* REQUIRED WORK
In the entries that follow, identify the line containing "this 1600×1300 image." and return it together with all later lines, exactly as they appear.

● ● ● ● ●

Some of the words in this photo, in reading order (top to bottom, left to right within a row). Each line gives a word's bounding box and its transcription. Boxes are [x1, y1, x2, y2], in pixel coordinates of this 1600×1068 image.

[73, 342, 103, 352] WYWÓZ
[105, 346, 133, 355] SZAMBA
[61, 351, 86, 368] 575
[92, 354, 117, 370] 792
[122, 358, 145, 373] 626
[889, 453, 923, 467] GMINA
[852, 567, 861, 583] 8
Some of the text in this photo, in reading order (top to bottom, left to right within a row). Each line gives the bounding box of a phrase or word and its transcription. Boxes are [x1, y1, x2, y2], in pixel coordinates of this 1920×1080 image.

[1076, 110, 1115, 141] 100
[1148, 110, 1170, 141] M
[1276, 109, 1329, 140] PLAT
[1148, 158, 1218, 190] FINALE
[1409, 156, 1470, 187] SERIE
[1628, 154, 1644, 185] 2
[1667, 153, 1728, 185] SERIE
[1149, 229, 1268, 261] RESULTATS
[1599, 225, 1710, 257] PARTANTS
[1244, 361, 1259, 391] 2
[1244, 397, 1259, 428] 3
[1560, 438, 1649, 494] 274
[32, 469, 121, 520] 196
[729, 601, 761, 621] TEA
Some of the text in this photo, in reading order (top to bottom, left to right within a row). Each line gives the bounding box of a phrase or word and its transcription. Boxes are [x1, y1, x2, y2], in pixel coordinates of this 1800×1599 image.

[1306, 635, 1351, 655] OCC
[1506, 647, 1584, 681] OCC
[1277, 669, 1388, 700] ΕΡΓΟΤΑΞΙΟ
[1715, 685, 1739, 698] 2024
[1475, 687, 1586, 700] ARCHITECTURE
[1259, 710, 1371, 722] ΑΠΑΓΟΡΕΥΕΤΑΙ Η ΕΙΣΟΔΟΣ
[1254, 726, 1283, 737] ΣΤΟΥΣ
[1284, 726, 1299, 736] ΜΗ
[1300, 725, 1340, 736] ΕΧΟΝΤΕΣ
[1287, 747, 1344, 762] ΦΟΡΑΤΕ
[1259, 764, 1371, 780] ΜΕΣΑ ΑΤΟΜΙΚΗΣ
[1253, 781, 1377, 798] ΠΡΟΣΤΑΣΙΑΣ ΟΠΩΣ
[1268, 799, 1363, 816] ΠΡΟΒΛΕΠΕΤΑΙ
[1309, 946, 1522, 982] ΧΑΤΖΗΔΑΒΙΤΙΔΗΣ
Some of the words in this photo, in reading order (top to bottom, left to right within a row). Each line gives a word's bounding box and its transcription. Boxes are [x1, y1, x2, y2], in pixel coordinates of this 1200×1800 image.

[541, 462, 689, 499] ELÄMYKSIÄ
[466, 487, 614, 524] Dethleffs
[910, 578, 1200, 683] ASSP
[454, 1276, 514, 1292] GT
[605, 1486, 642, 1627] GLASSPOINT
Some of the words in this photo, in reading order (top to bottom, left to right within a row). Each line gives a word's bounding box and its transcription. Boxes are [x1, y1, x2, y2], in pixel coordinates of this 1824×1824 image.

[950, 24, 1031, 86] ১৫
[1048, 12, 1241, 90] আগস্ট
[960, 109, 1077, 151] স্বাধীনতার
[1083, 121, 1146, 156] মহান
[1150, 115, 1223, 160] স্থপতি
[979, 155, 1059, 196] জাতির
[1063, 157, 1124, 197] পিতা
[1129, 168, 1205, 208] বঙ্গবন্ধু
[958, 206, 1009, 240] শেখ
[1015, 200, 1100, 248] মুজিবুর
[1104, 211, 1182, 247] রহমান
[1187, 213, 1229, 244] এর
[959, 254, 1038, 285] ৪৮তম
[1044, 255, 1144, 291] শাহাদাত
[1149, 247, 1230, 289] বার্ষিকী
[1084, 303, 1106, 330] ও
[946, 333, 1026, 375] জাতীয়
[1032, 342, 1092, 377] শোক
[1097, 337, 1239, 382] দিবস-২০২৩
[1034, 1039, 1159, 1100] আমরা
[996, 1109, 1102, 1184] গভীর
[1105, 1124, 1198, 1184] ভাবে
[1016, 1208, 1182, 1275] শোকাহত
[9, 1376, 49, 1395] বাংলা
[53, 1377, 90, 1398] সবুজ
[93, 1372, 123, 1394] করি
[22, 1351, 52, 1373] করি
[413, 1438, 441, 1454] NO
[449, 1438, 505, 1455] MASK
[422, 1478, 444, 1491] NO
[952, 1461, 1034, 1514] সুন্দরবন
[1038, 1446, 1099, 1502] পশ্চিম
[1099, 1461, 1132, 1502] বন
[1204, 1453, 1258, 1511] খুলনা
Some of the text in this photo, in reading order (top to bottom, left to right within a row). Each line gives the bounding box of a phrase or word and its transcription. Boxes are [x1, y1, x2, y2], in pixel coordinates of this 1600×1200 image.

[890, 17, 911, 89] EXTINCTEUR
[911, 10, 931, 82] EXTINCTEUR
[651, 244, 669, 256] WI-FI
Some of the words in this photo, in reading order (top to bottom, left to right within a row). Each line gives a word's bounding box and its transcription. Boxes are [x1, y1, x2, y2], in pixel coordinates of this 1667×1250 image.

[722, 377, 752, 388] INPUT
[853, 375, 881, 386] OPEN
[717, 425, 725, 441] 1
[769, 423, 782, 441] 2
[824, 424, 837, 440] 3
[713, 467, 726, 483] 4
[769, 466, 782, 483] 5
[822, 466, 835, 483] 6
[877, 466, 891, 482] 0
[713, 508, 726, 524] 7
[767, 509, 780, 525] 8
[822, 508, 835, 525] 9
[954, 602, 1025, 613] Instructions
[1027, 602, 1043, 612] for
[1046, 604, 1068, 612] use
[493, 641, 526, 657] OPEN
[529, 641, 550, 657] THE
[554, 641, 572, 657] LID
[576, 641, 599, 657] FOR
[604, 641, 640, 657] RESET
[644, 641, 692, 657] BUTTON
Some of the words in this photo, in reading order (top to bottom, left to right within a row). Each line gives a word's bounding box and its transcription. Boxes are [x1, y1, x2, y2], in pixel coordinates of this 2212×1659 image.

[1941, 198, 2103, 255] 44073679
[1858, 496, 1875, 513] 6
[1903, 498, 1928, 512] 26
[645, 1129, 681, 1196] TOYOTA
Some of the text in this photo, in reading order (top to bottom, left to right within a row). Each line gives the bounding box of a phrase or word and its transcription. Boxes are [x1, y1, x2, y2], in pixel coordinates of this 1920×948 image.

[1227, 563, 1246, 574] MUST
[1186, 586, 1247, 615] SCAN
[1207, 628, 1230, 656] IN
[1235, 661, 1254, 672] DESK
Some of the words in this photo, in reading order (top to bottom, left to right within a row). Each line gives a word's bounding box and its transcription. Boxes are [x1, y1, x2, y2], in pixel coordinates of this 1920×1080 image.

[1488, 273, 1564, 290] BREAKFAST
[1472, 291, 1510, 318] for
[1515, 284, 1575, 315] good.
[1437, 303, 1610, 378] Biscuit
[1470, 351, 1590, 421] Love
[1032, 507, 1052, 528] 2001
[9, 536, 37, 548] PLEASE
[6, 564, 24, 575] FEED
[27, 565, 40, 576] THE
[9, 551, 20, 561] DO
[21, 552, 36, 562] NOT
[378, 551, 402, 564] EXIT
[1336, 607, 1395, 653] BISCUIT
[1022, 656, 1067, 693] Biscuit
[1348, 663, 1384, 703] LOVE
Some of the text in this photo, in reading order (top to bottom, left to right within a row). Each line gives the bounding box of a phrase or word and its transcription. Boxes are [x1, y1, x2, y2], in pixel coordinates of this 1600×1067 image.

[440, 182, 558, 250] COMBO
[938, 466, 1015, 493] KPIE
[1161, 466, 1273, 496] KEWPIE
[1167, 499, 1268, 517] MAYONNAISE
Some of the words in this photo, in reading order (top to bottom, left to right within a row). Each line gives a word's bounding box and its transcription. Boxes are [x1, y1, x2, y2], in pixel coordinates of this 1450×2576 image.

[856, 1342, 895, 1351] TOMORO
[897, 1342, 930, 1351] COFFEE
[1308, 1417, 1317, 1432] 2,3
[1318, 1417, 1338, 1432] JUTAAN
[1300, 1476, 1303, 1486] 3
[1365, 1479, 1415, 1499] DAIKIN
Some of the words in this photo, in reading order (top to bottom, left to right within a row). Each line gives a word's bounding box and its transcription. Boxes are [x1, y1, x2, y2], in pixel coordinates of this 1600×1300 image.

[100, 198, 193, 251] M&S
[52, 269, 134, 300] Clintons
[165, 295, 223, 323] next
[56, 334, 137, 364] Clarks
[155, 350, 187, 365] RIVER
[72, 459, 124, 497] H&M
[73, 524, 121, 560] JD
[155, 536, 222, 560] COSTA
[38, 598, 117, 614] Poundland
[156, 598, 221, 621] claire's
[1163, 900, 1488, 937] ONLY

● ● ● ● ●

* WRITTEN REPLY
Some of the words in this photo, in reading order (top to bottom, left to right within a row). Each line gives a word's bounding box and its transcription. Boxes are [x1, y1, x2, y2], in pixel coordinates of this 1600×1300 image.

[100, 198, 193, 251] M&S
[52, 269, 134, 300] Clintons
[165, 295, 223, 323] next
[56, 334, 137, 364] Clarks
[155, 350, 187, 365] RIVER
[72, 459, 124, 497] H&M
[73, 524, 121, 560] JD
[155, 536, 222, 560] COSTA
[38, 598, 117, 614] Poundland
[156, 598, 221, 621] claire's
[1163, 900, 1488, 937] ONLY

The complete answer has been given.